Have our guests given consideration to good models? Are we going down the right route? I would welcome our guests' comments on the route we should take.

To whom is the Senator directing that question?

Our guests are all from the same organisation so I direct it to whoever wants to respond.

Perhaps Mr. Ayoub would like to come in and offer a response.

Mr. Jean Ayoub

I think Ms Woellenstein was ready to reply.

Ms Jeannette Woellenstein

I thank the Senator for her excellent question. She addressed many aspects that are duly considered in, and key to, the Verona Principles. I invite the Senator to look at principle 5, which foresees certain pre-surrogacy protections. The Senator referred to pre-conception and we call those considerations pre-surrogacy protections. I think the committee is very much on the right path in that regard.

Principle 5 deals with pre-surrogacy protections. It calls for screenings, multidisciplinary assessments, informed consent of involved parties and a review of the surrogacy arrangements. It states that all these assessments should be done by independent professionals who have no perceived or actual conflict of interests in the surrogacy.

A distinction is made in these pre-surrogacy protections about the legal issues that should be dealt with to minimise the risk of disagreement concerning the determination of legal parentage post birth. There are other aspects included that are linked with health issues that should be determined. The principle calls for psychosocial suitability assessments, ongoing supports and counselling by independent and qualified professionals for the surrogate mother and the intending parents.

There is also a clause at the end that relates to matters the committee is considering now, which is encouraging. If there are no pre-surrogacy protections in place, there should automatically be a post-birth best interests determination, especially when it comes to the determination and transfer of legal parentage. Principle 5 will give the committee some important responses to the questions the Senator has raised.

Principle 6 deals with the best interests of the child, which should be the paramount consideration. It is a strong principle in all decisions about legal parentage and parental responsibility of a child born through surrogacy. This principle refers much more to the post-birth best interests assessments and determinations.

Many answers can be found in this principle. There are also references to international surrogacy arrangements. Best interest determinations should take place if there is at least one country involved that prohibits surrogacy.

The Senator raised other concerns. The Verona Principles are based on the premise that, where surrogacy occurs, it creates and severs relationships. As such, there should be openness in relationships and, where appropriate, they should be valued and sustained. There is this element of transparency in many of the principles. For example, principle 11 refers to the protection of identity and access to origins. It takes a strong position on access to information and the importance of the surrogate mother as well as the persons providing human reproductive materials. It calls for the provision of verified and accurate identifying information and for participants to agree to the transmission of that information before entering the arrangement. It encourages open surrogacy arrangements as an important safeguard for identity rights and access rights. It also encourages post-birth contact.

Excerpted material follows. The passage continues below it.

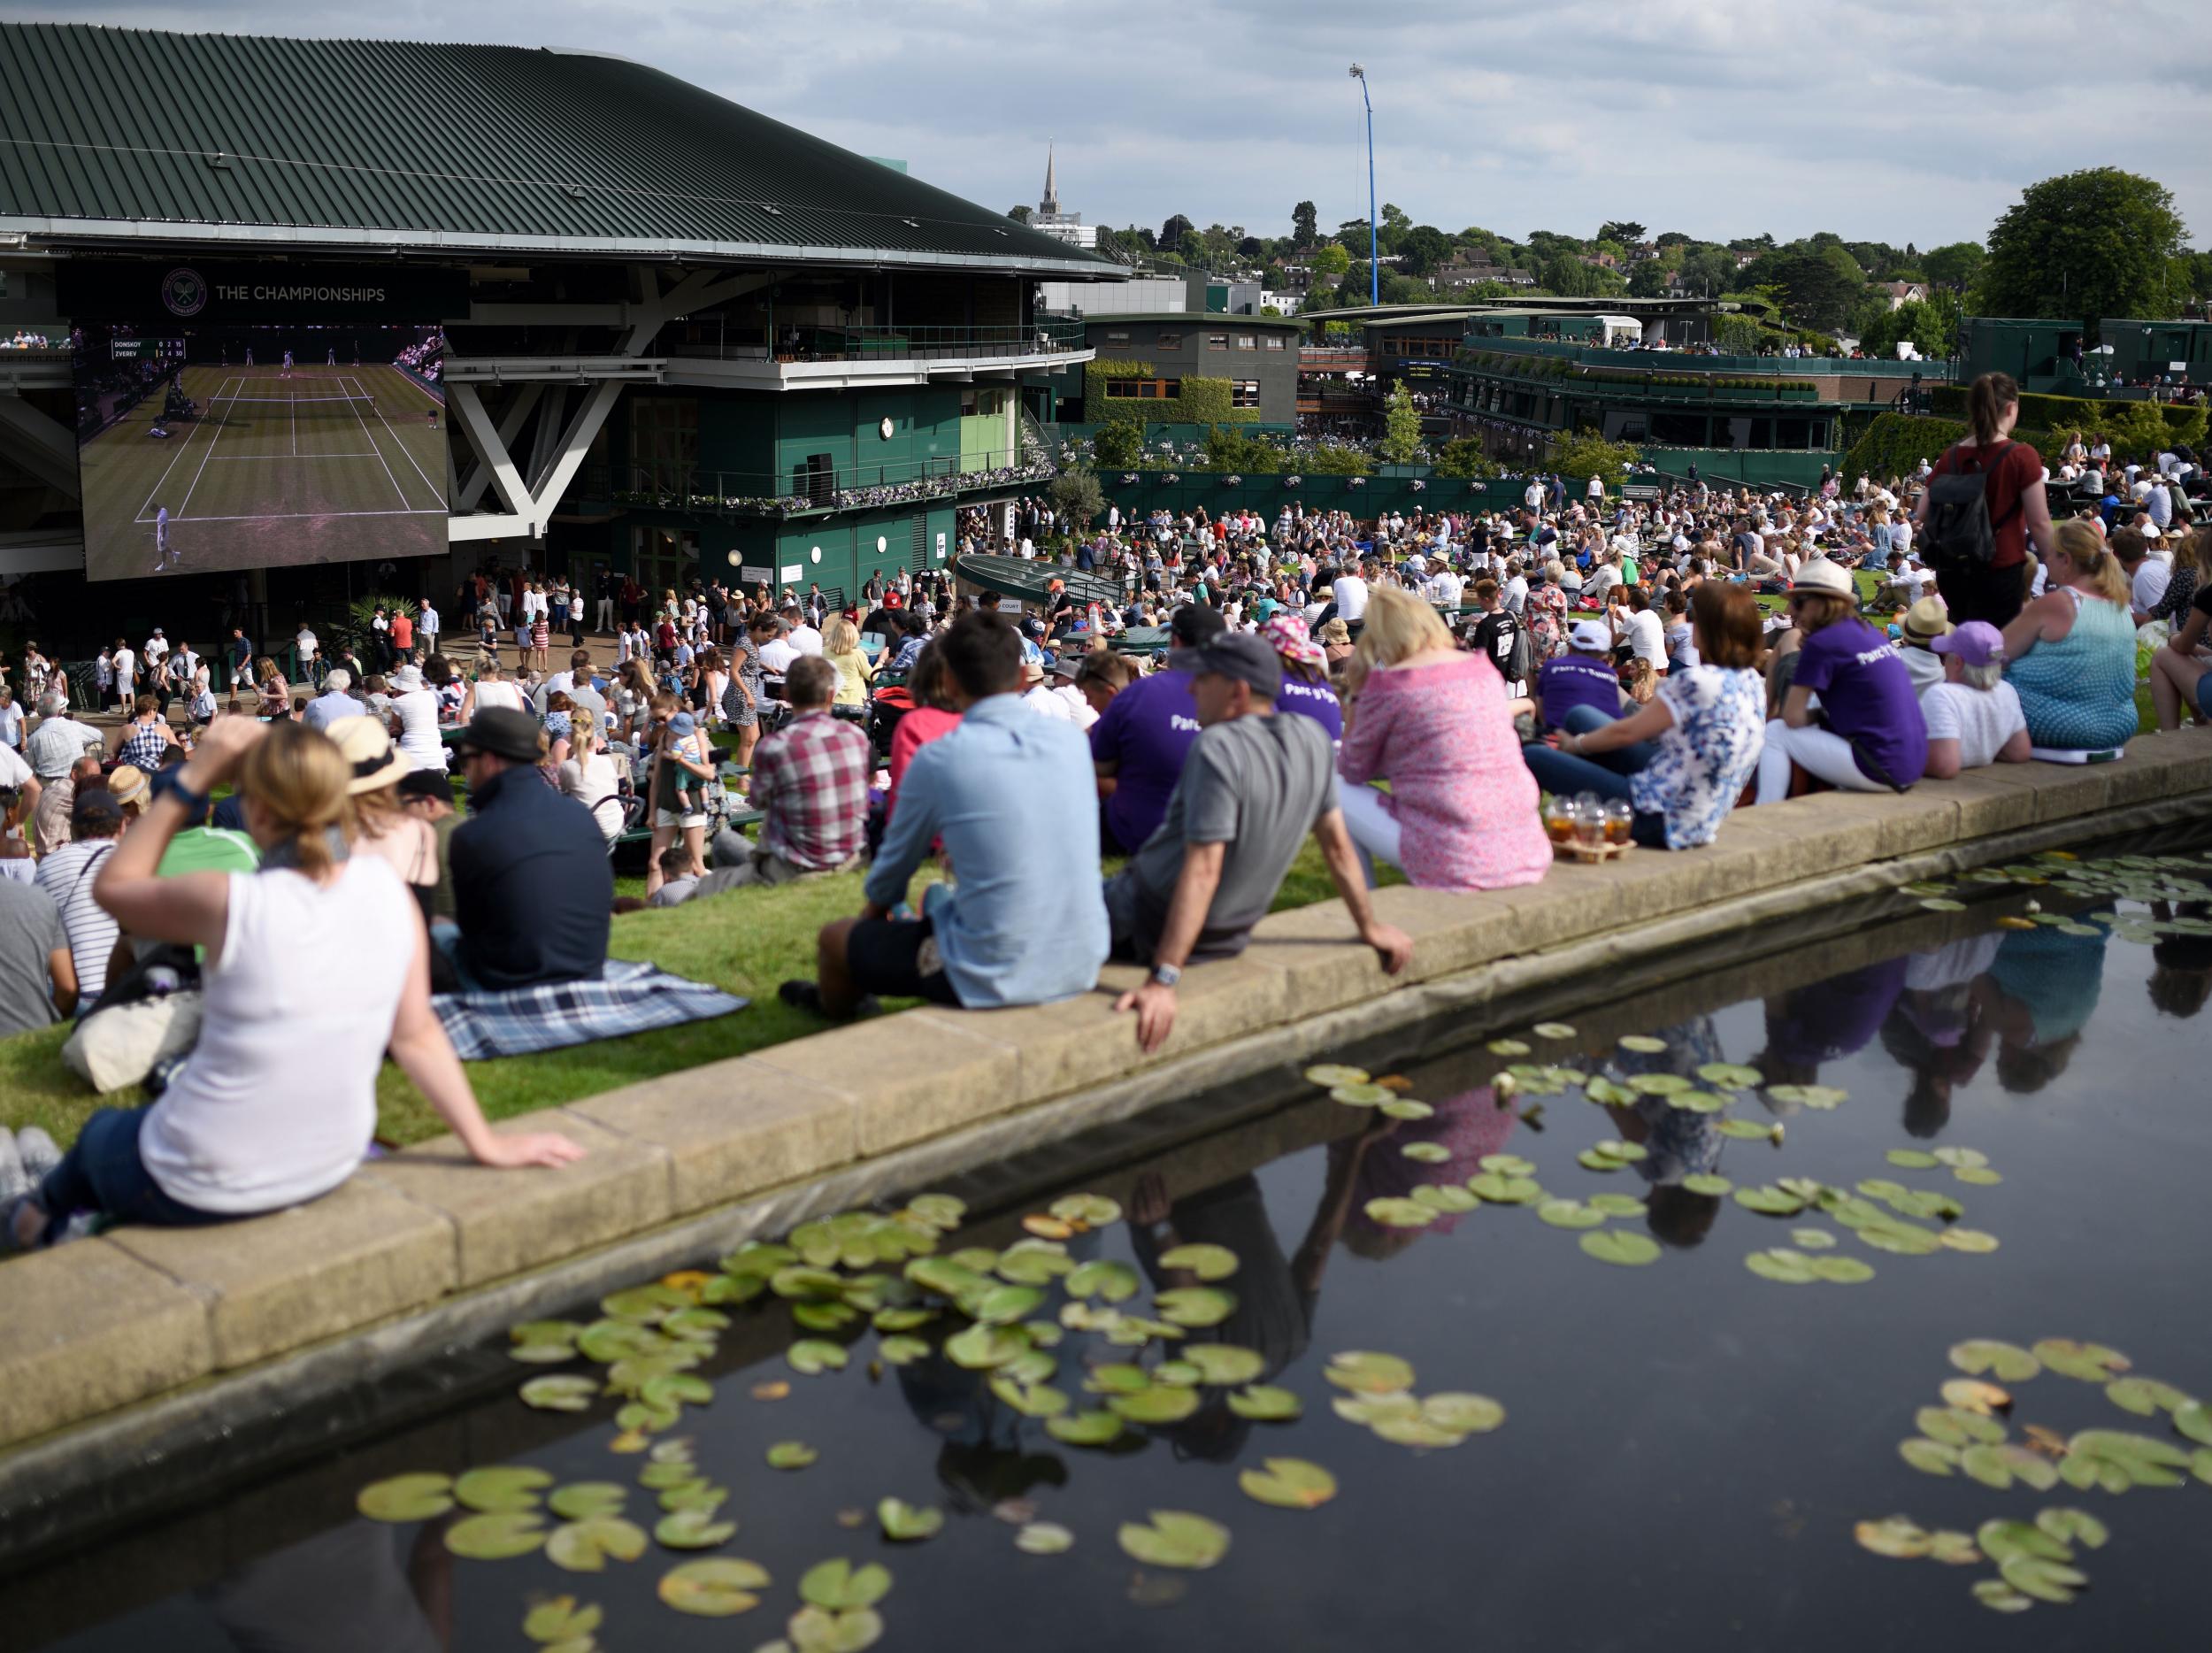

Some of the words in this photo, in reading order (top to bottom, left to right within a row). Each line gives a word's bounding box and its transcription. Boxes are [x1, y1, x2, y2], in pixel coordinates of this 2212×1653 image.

[216, 285, 249, 300] THE
[254, 286, 386, 302] CHAMPIONSHIPS
[1284, 683, 1312, 696] Parc
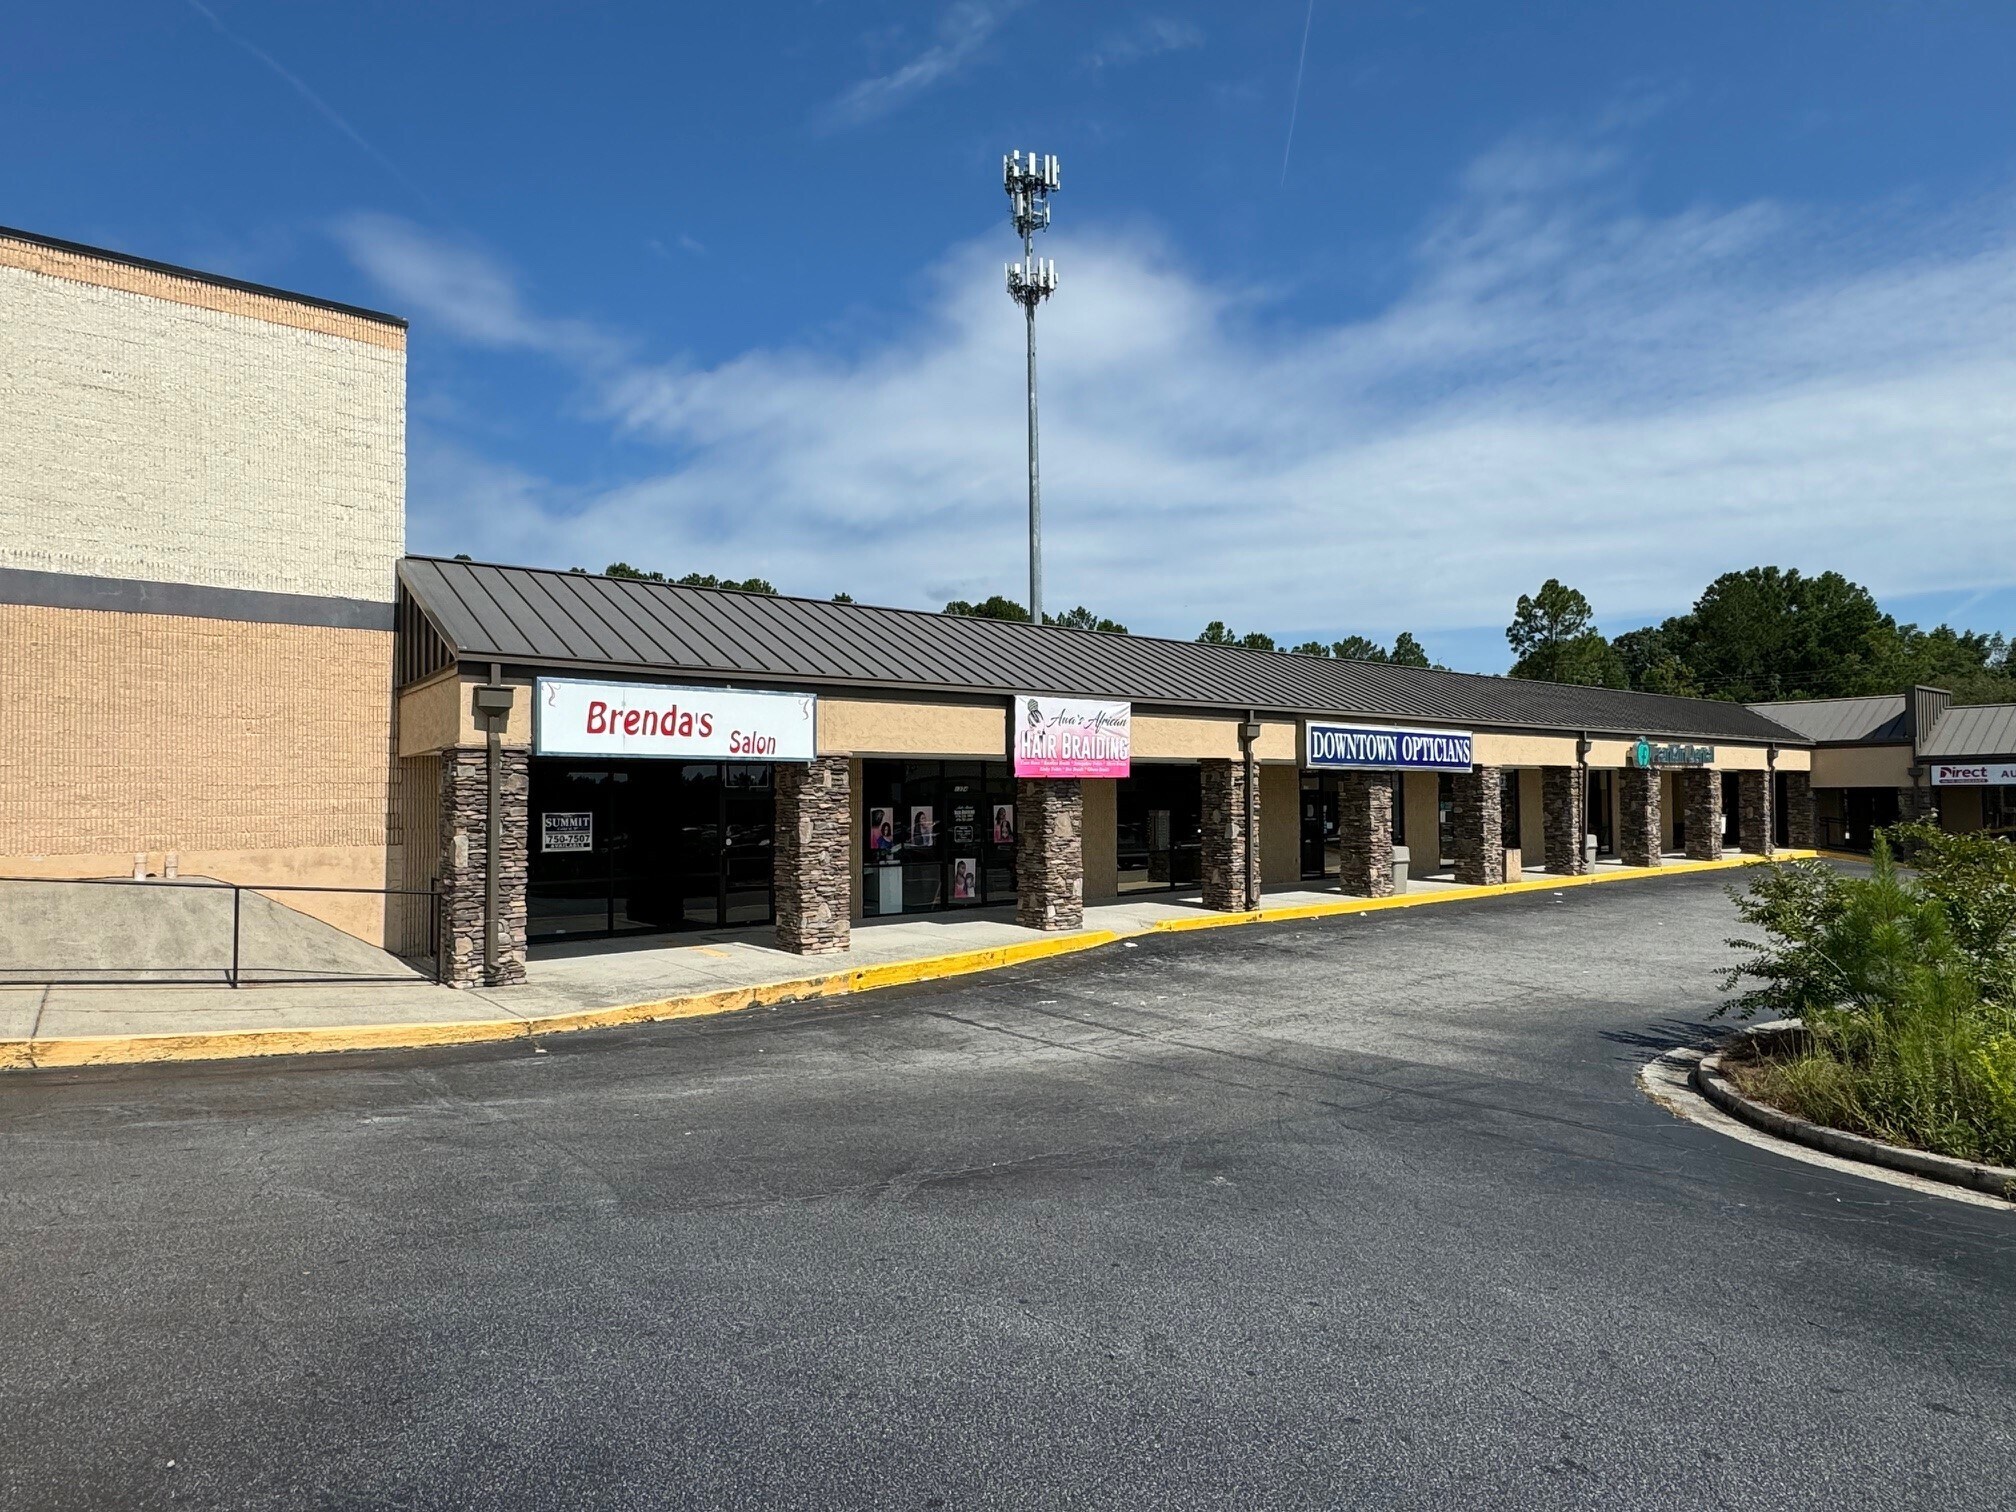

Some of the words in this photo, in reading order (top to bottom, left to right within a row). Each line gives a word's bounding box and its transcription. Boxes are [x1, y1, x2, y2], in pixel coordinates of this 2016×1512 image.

During our discussions and negotiations, we dealt with concerns for the surrogate mother extensively. There is a specific principle calling for her consent prior to entering the arrangement, during the pregnancy and post birth. This is principle 7. Confidence in the integrity of the surrogacy arrangement's circumstances is crucial for respecting children's rights. This principle on the consent of the surrogate mother also contains certain eligibility criteria to ensure that hers is a self-determined choice and she exercises free and informed decision making.

I hope that I have responded to the Senator's main concerns.

That was thorough. I thank Ms Woellenstein.

I wish to ask about the Verona Principles' application. They are broad, high-level principles, but what has been the experience of countries trying to implement them or build on them through their own legislation? Part of our work is trying not to reinvent the wheel. If we could see how others have applied the principles, it would be an important lesson for us.

One of the principles refers to a post-birth interests determination. This is a conversation that we have been having in recent weeks and I asked the witnesses who appeared just before this session about it. In some respects, there is a tension between what can be done before birth, what can be done post birth and the importance of legal certainty. This is a matter that our committee will have to decide on for ourselves. In terms of their discussions and agreements, do the witnesses have further information on this matter, how did the ISS come to its decision and what were the various contributions and positions involved?

These two questions are broad enough without me adding more.

Ms Jeannette Woellenstein

I thank the Deputy for his excellent questions. As he will understand, the principles are aspirational and recall international standards in children's rights. However, they try to take into account current realities. If the Deputy reads through them, he will see that some of their provisions deal explicitly with states that permit surrogacy, states that prohibit it and states that simply encounter it. They are aspirational, but the idea was not to be too prescriptive. They are meant to take into account realities that exist on the ground as well as some promising practices. By looking at the various consultations in different regions in the world, we were able to learn more about some surrogacy systems or legislative measures that already have some experience behind them. The principles are informed by promising practices.

Perhaps Mr. Ayoub has information on whether they have served to inspire legislators and policymakers to implement them in practice, but it might be too early to say, as they were only adopted last year. Since then, we have been disseminating and promoting them, but we do not know whether they have led to concrete changes and implementations in practice. Does Mr. Ayoub wish to jump in on this point before I move on to best interest determinations?

Mr. Jean Ayoub

I will confirm what Ms Woellenstein has said. The principles were published in March of last year. Our approach has been to make them aspirational. We hope that more governments will take on the offer of turning these aspirational principles into procedures and articles of law and vote on them. I do not know of any government that has specifically asked for our advice on the Verona Principles and how to implement them in law. There might be some governments implementing them of which we are not aware.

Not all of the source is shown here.